**WHAT TO DO:** Keep the pictures out. Restate the entries below word for word.

**DATA SHOWN:**
========================================================================

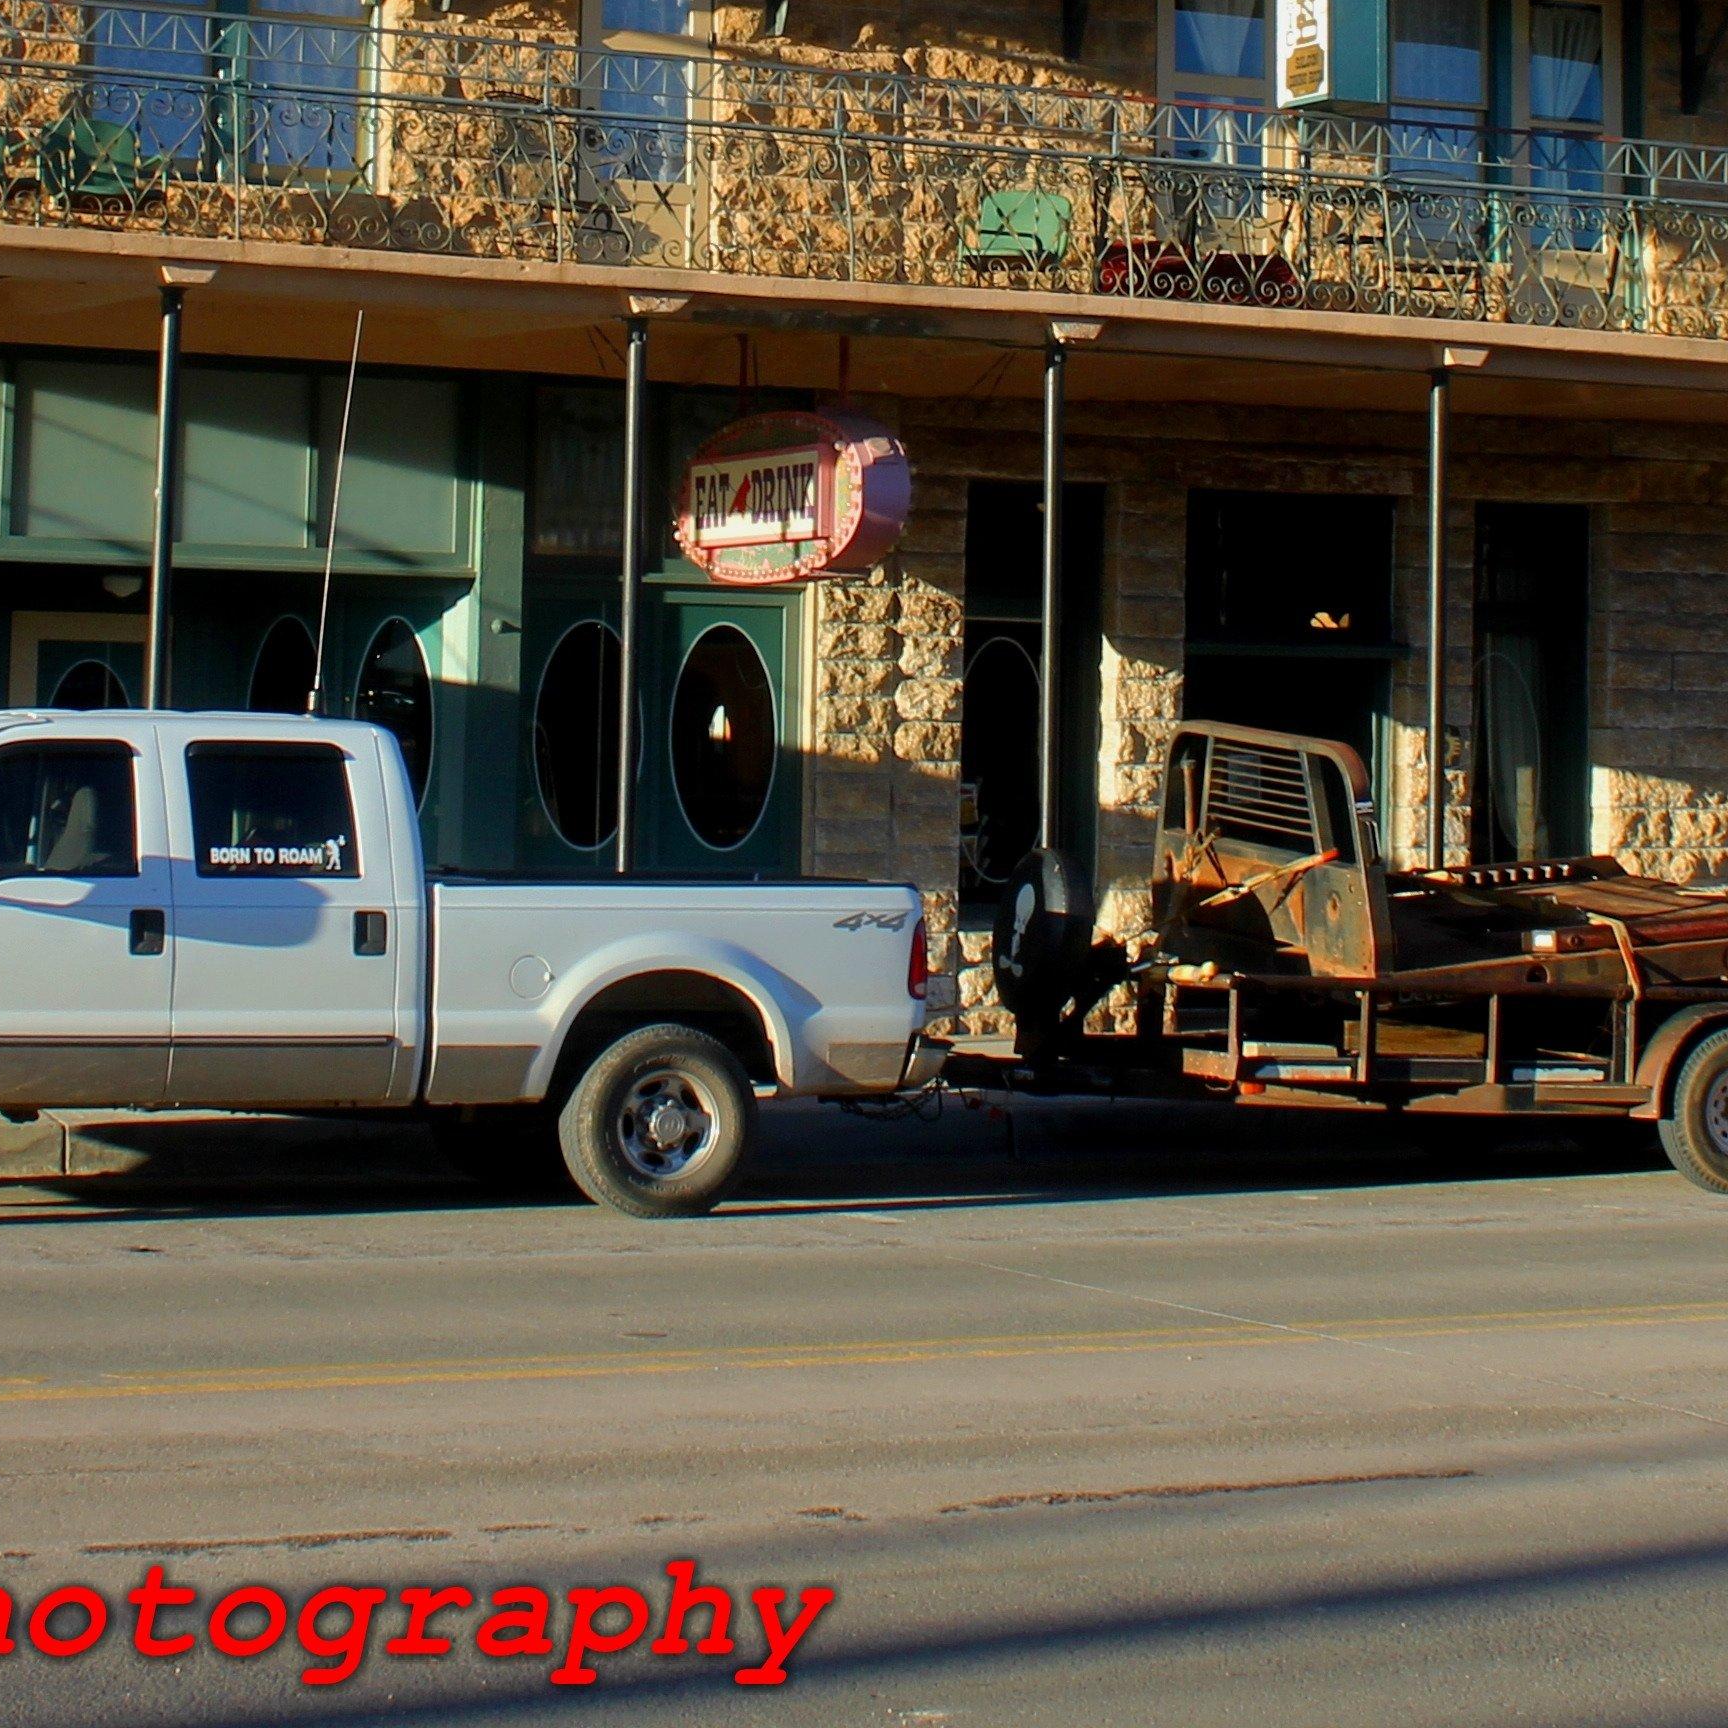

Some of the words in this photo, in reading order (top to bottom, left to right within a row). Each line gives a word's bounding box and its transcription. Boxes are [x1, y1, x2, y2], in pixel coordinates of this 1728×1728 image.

[695, 472, 730, 530] EAT
[750, 462, 815, 524] DRINK
[209, 846, 251, 865] BORN
[253, 846, 276, 865] TO
[278, 846, 323, 865] ROAM
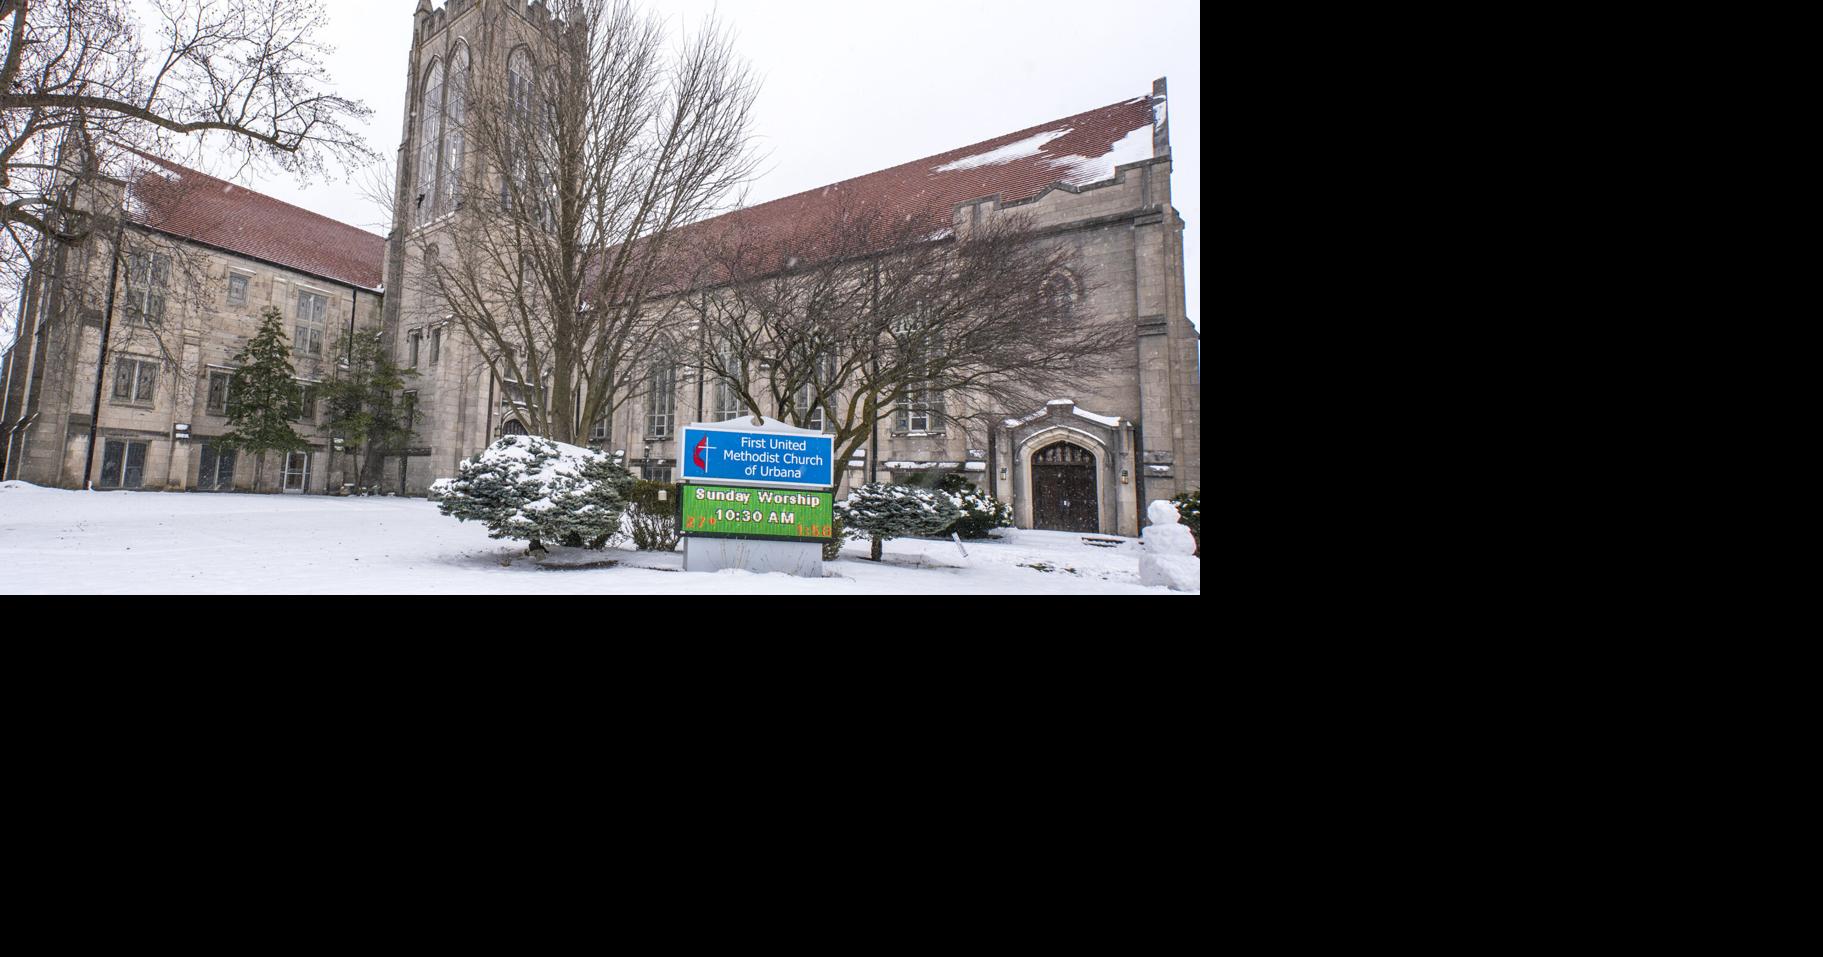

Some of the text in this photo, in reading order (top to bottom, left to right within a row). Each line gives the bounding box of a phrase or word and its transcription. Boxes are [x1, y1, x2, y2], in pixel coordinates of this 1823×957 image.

[741, 437, 807, 451] First United
[723, 450, 823, 466] Methodist Church
[744, 465, 801, 479] of Urbana
[696, 488, 820, 507] Sunday Worship
[716, 509, 795, 524] 10:30 AM
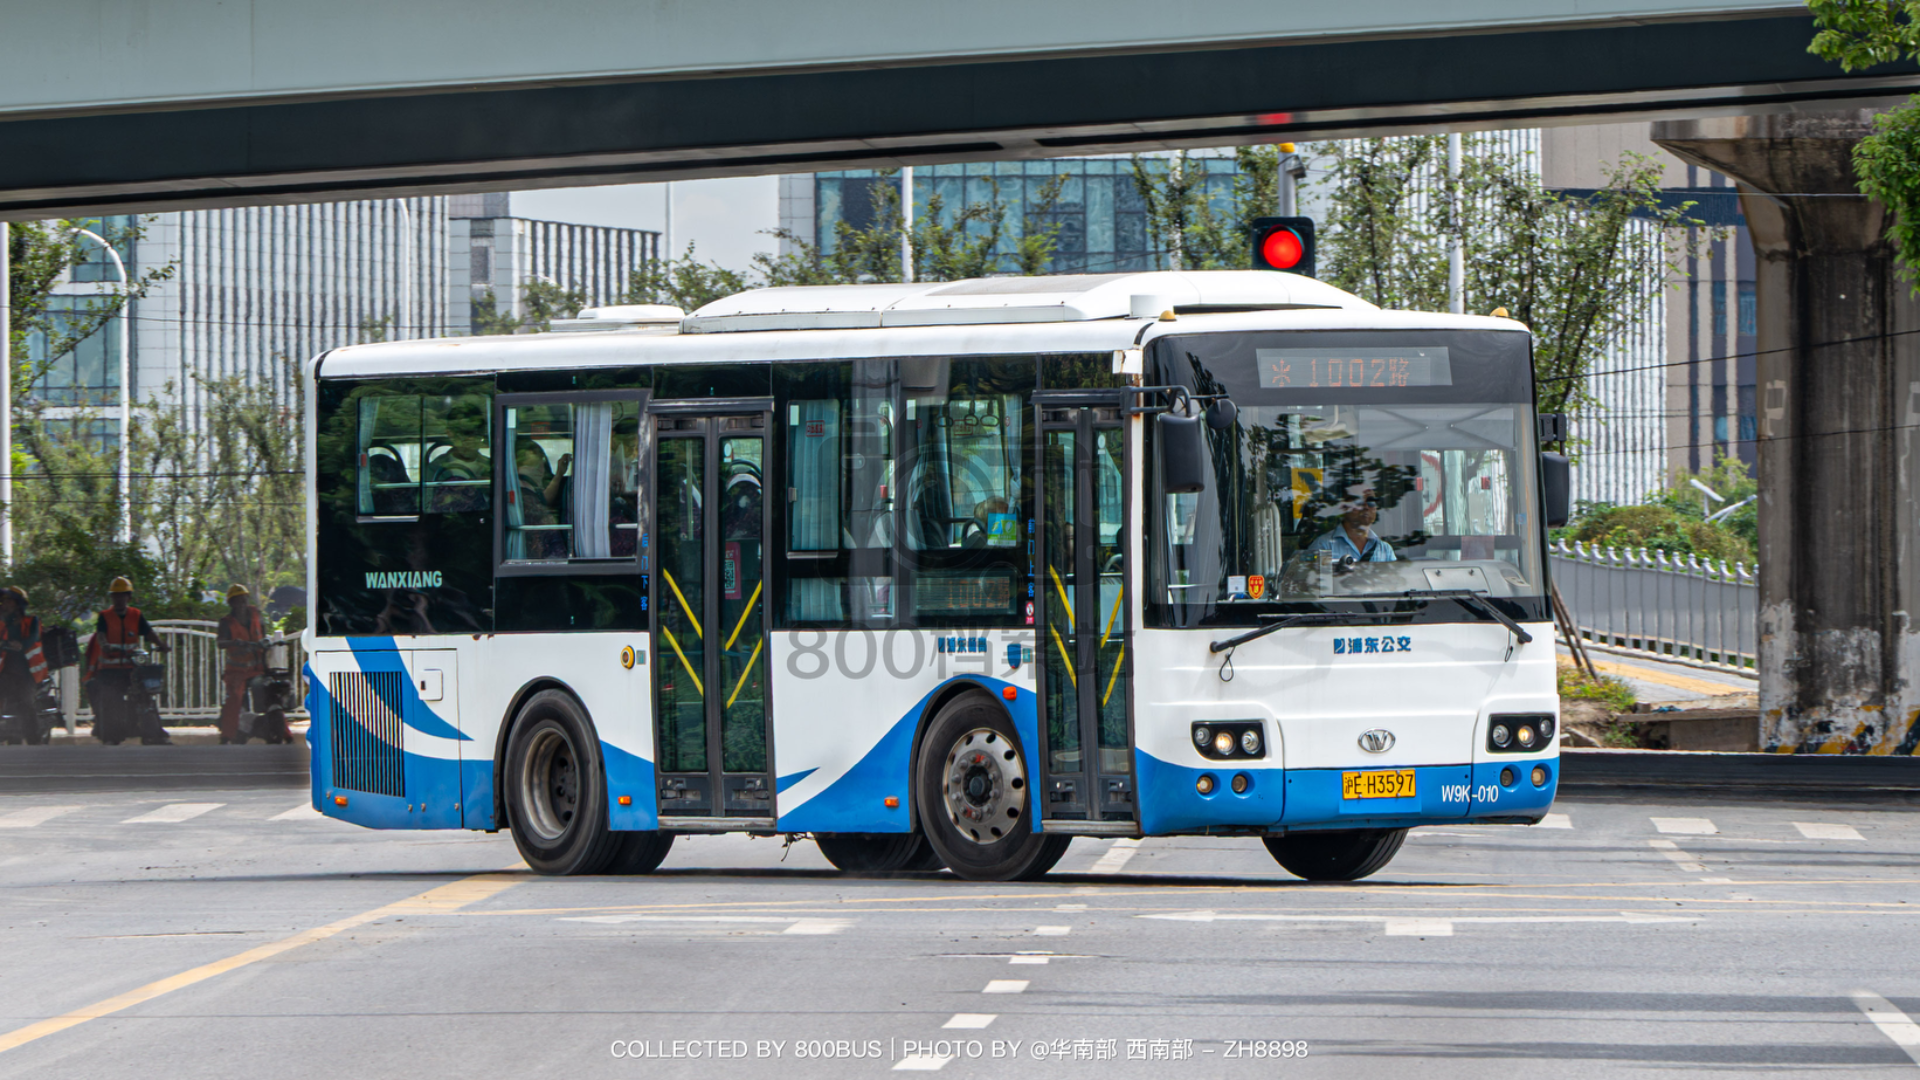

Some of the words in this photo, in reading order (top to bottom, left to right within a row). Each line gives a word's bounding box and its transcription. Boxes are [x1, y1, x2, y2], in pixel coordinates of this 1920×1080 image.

[365, 571, 443, 589] WANXIANG
[1347, 636, 1411, 655] 浦东公交
[1441, 785, 1499, 803] W9K-010
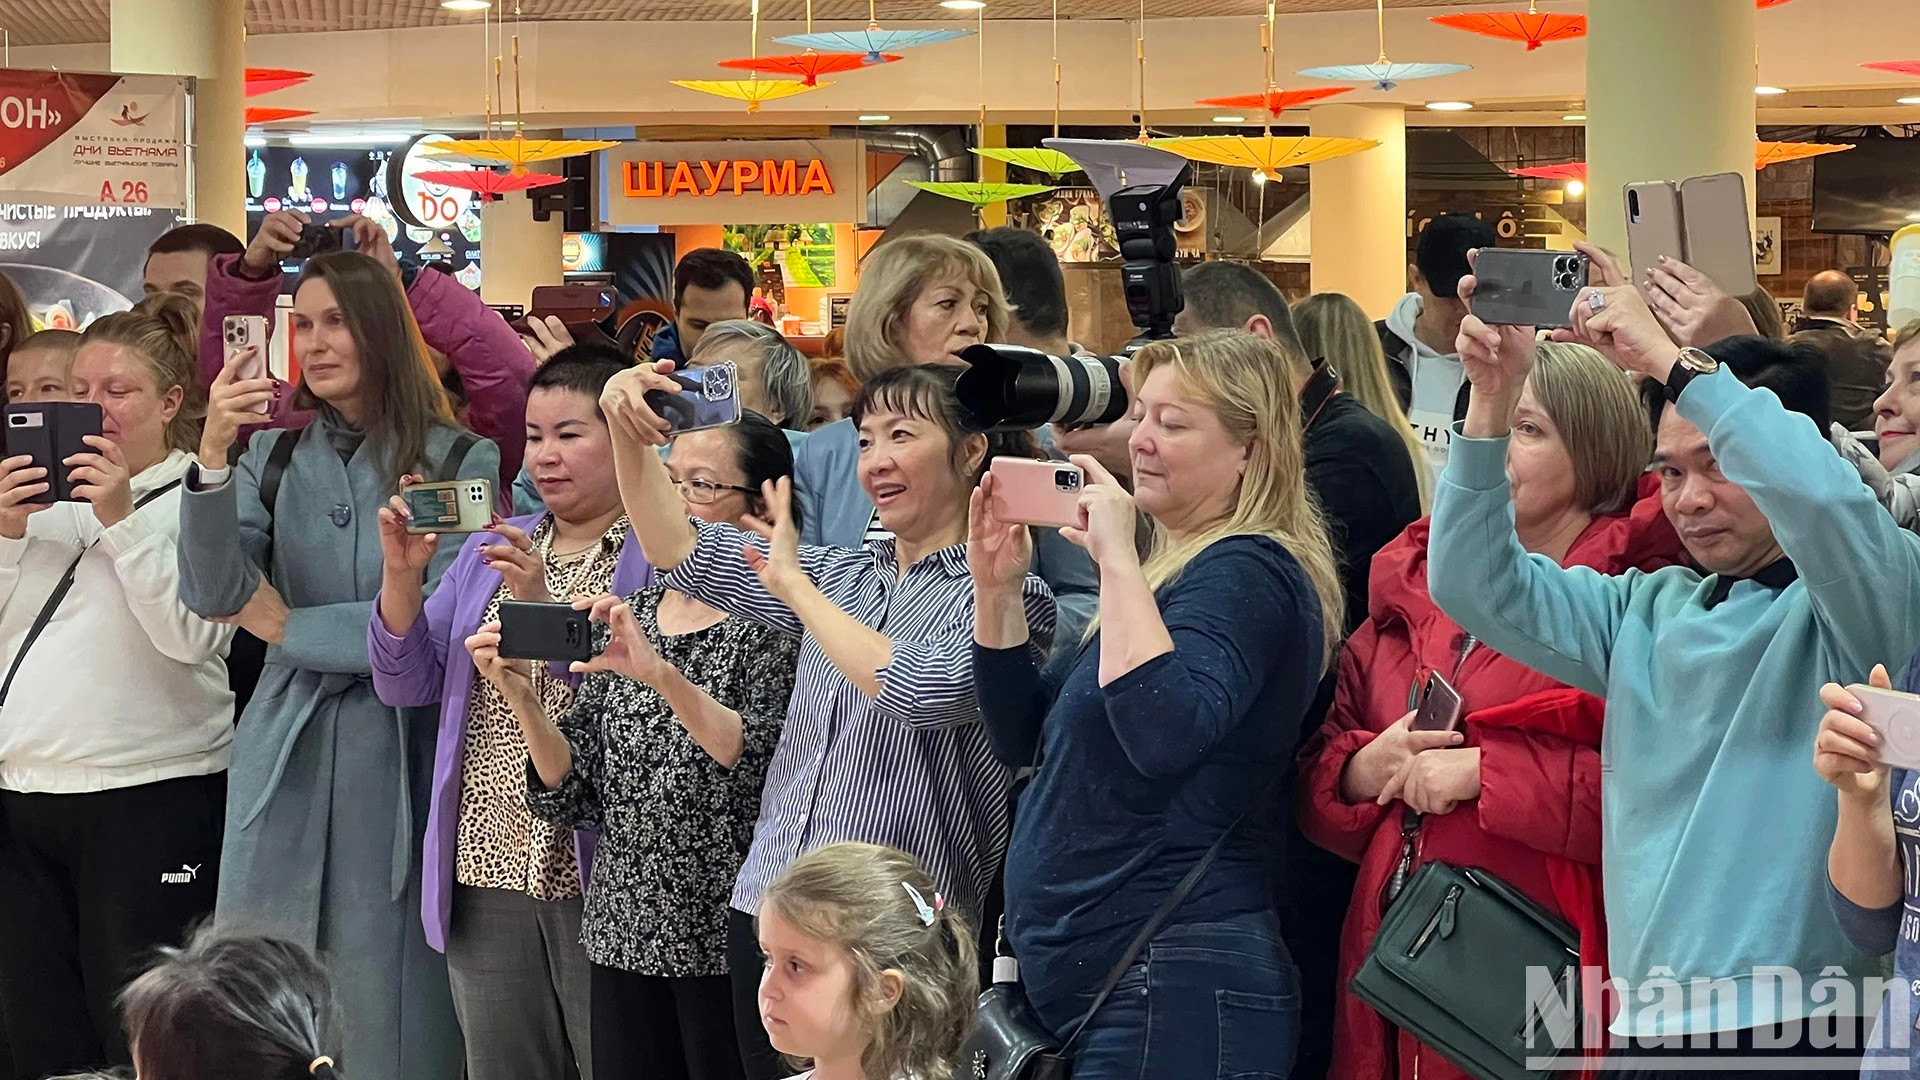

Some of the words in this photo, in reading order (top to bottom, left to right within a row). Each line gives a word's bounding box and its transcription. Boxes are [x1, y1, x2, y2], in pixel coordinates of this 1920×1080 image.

========================================================================

**YOUR RESPONSE:**
Some of the words in this photo, in reading order (top to bottom, left to right within a row). Each line gives a word's bounding box and its transcription. Boxes are [x1, y1, x2, y2], in pixel coordinates of this 1728×1728 image.

[695, 472, 730, 530] EAT
[750, 462, 815, 524] DRINK
[209, 846, 251, 865] BORN
[253, 846, 276, 865] TO
[278, 846, 323, 865] ROAM

Some of the text in this photo, in reading order (top to bottom, left to right within a row). Each line gives the bounding box of a phrase or word and its transcription. Boxes are [x1, y1, x2, y2], in pixel coordinates of this 1823×957 image.

[741, 437, 807, 451] First United
[723, 450, 823, 466] Methodist Church
[744, 465, 801, 479] of Urbana
[696, 488, 820, 507] Sunday Worship
[716, 509, 795, 524] 10:30 AM

Some of the words in this photo, in reading order (top to bottom, left to right within a row). Each line gives a word's bounding box and its transcription. Boxes are [x1, y1, x2, y2], in pixel coordinates of this 1920×1080 image.

[365, 571, 443, 589] WANXIANG
[1347, 636, 1411, 655] 浦东公交
[1441, 785, 1499, 803] W9K-010

Some of the words in this photo, in reading order (top to bottom, left to right within a row). Each line gives a word's bounding box and its transcription. Boxes are [x1, y1, x2, y2], in pixel coordinates of this 1920×1080 image.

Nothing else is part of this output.